Rui Peralta, Luanda
O empreendedorismo é apresentado como uma solução para a força de trabalho excedente, não absorvida, uma possível solução para o desemprego. Pelo menos este é o discurso dominante que promove esta prática e, efectivamente, assim o pode ser. Mas, por debaixo do discurso promotor das competências empreendedoras, impõe-se uma ideologia funcional que reproduz culturalmente os processos de acumulação do capital e que assenta na concorrência como fórmula mágica e no capitalismo como como fatalidade bíblica.
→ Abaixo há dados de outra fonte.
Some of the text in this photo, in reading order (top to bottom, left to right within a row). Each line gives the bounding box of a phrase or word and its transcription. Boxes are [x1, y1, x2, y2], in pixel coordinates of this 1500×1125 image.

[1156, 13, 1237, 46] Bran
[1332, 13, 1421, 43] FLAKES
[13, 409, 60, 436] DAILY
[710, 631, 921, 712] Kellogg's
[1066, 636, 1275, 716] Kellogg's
Para trás ficam a solidariedade e a cooperação, distorce-se o papel do individuo e os seus direitos efectivos e perde-se o sentido do colectivo.
O grande objectivo deste tipo de empreendedorismo, desta ferramenta do neoliberalismo, é a criação de uma economia feita de trabalhadores que adquirem comportamentos de unidade-empresa e não como colectivos de produtores. A forma empresa integrará toda a sociedade, tornando-se um princípio vectorial que se infiltra em todas as relações sociais. Da família ao Estado nada lhe escapa. Quanto ao mercado tornar-se-á numa imensa fornalha reprodutora de escravos, de mão-de-obra de baixíssimo custo, isenta de custos sociais e de direitos tanto de produtores como de consumidores, um imenso aparelho sob controlo directo das oligarquias. É um imenso processo de colonização que leva os valores do capitalismo a todos os âmbitos da vida social e a todas as esferas da sociedade humana.
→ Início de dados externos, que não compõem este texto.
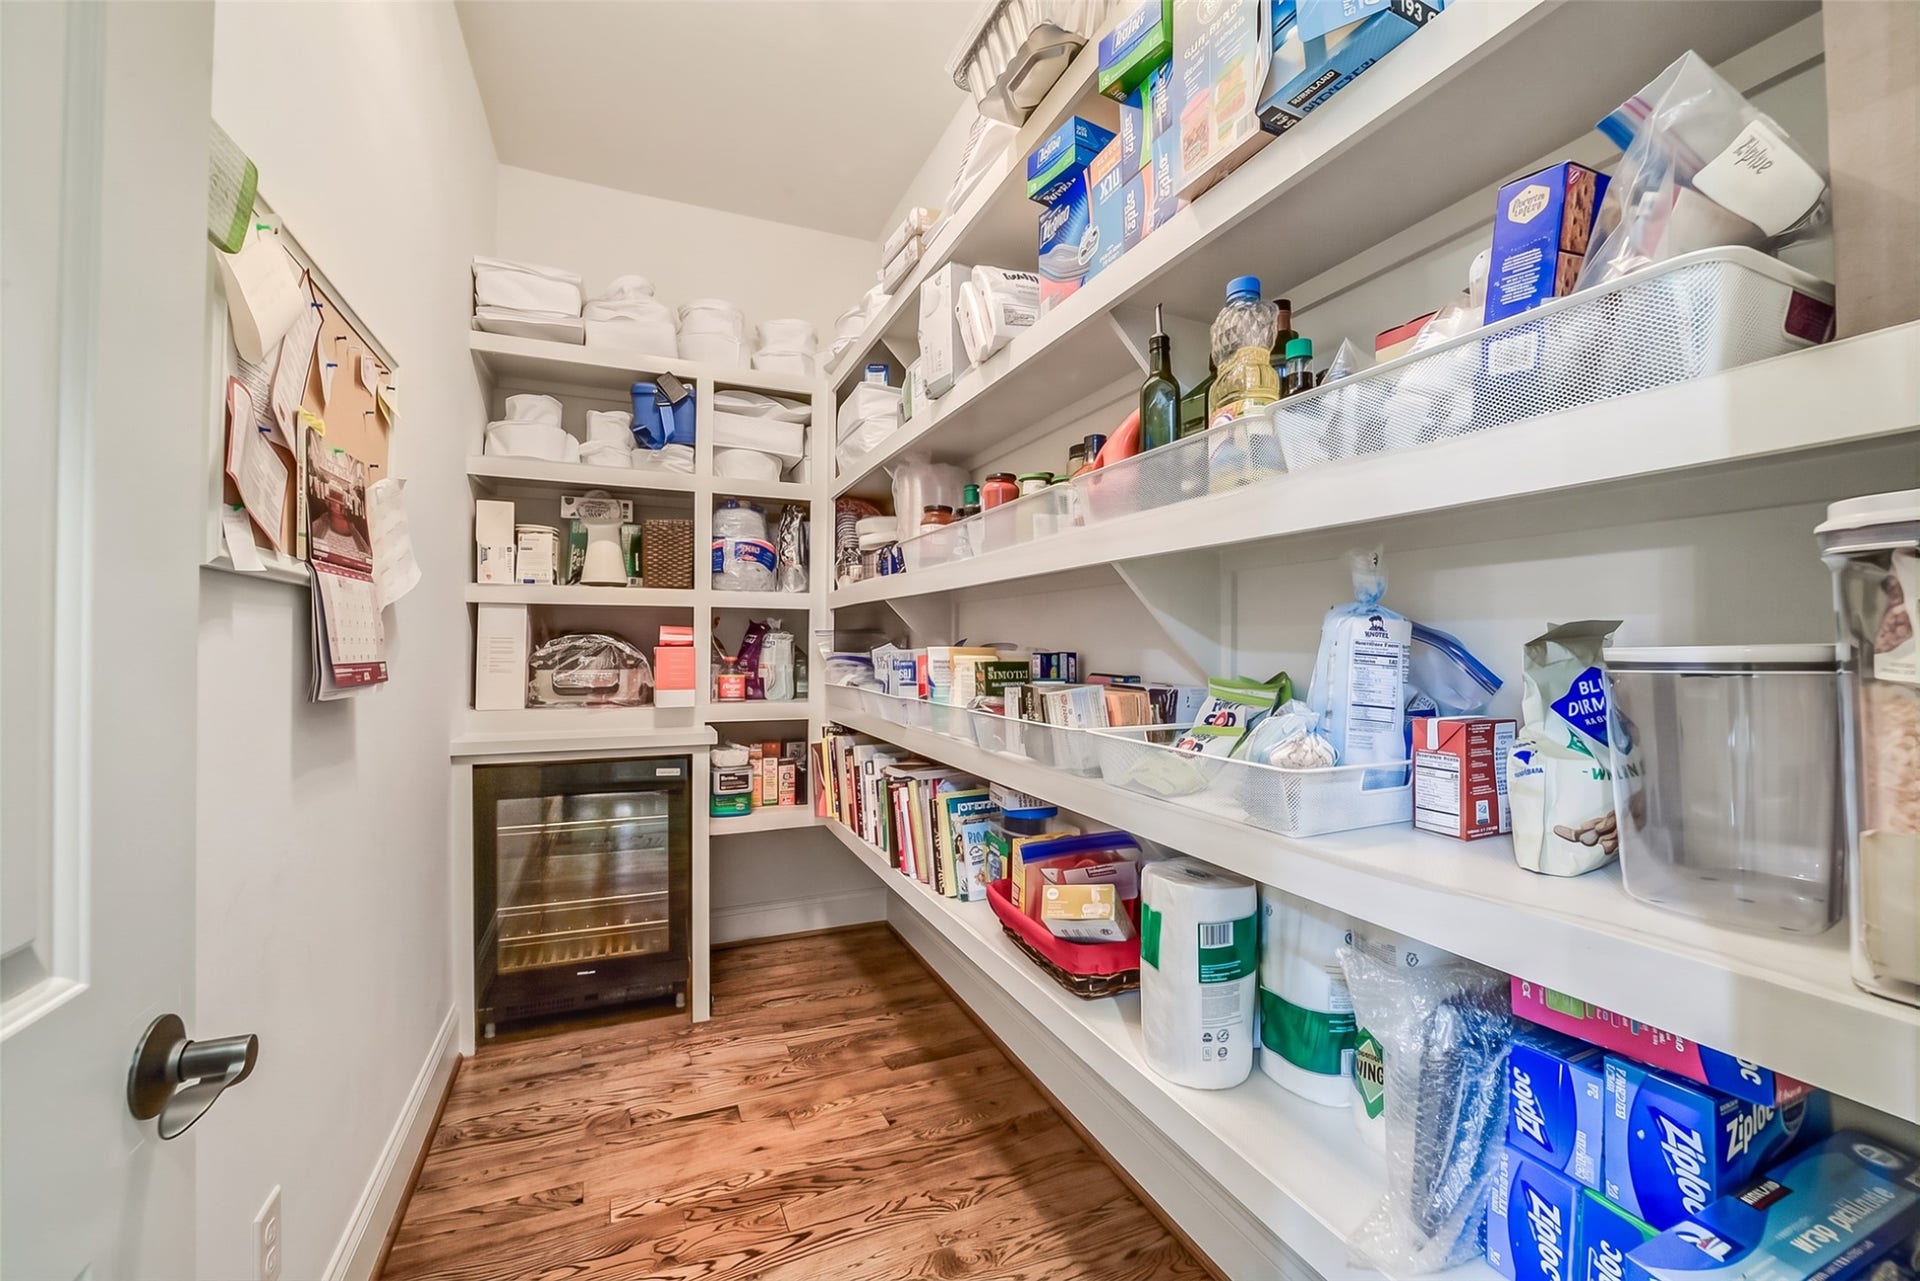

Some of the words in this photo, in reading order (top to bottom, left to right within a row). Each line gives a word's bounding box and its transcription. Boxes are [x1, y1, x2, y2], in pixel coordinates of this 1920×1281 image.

[1510, 1065, 1546, 1146] Ziploc
[1659, 1114, 1712, 1217] Ziploc
[1527, 1187, 1564, 1281] Ziploc
A ética imposta por estes valores comporta a ideia de que o pobre é pobre porque não é – e não quer ser - empreendedor, gera uma falsa consciência do sujeito. Os que não empreendem são “falhados, derrotados”, fogem do “sucesso”, são “indolentes” que fogem da concorrência permanente. Os que “fracassam” não dispõem dos sinais do “êxito”, não absorveram os valores empreendedores como o “talento”, a “inovação”, o “carisma”, a “liderança”, etc. Desta forma ocultam-se os processos sociais que possibilitam estes valores, escondem-se as relações sociais no mundo do trabalho, a exploração da força de trabalho, criada através da invisibilidade dos rendimentos-extra gerados no modo de produção capitalista. A burguesia possui riqueza porque oculta e explora e essa é a sua racionalidade. Não há “talento” nas relações sociais de produção. O que há é uma relação de domínio/submissão, de exploração.
Na ideologia do empreendedorismo o sujeito passa de assalariado (o que vende a sua força de trabalho, o seu conhecimento, no mercado de trabalho) a um “empresário de si próprio”. E é aqui que consiste a armadilha que gera uma falsa consciência da realidade. Ele desce no escalão social, efectivamente, porque perde direitos e adquire uma actividade precária, que o irá fazer arrastar-se por toda uma vida a pagar dividas á banca, a bajular o aparelho de Estado em troca de uns trocos, e o partido como centro de negócios.
Empreender sim, mas de forma consciente e não como processo de alienação. Empreendedorismo sim, mas no sentido de potenciar a criatividade, a inteligência, a inovação, a excelência do serviço e da produção. Empreender no sentido da cooperação e da solidariedade e não em exclusivo nos processos de concorrência. Criar processos de empreendedorismo que fomentem transformações de atitude dos produtores e operadores que gerem dinamização económica local, potenciando as articulações com o meio envolvente. Empreendedorismo sim, mas no sentido dos empreendedores criarem os seus próprios circuitos financeiros solidários e as suas redes logísticas colectivas. Empreendedorismo sim, mas no sentido da partilha de conhecimento, saberes e tecnologias.
Empreender sim. De verdade, como processo de socialização. Nunca como alienação.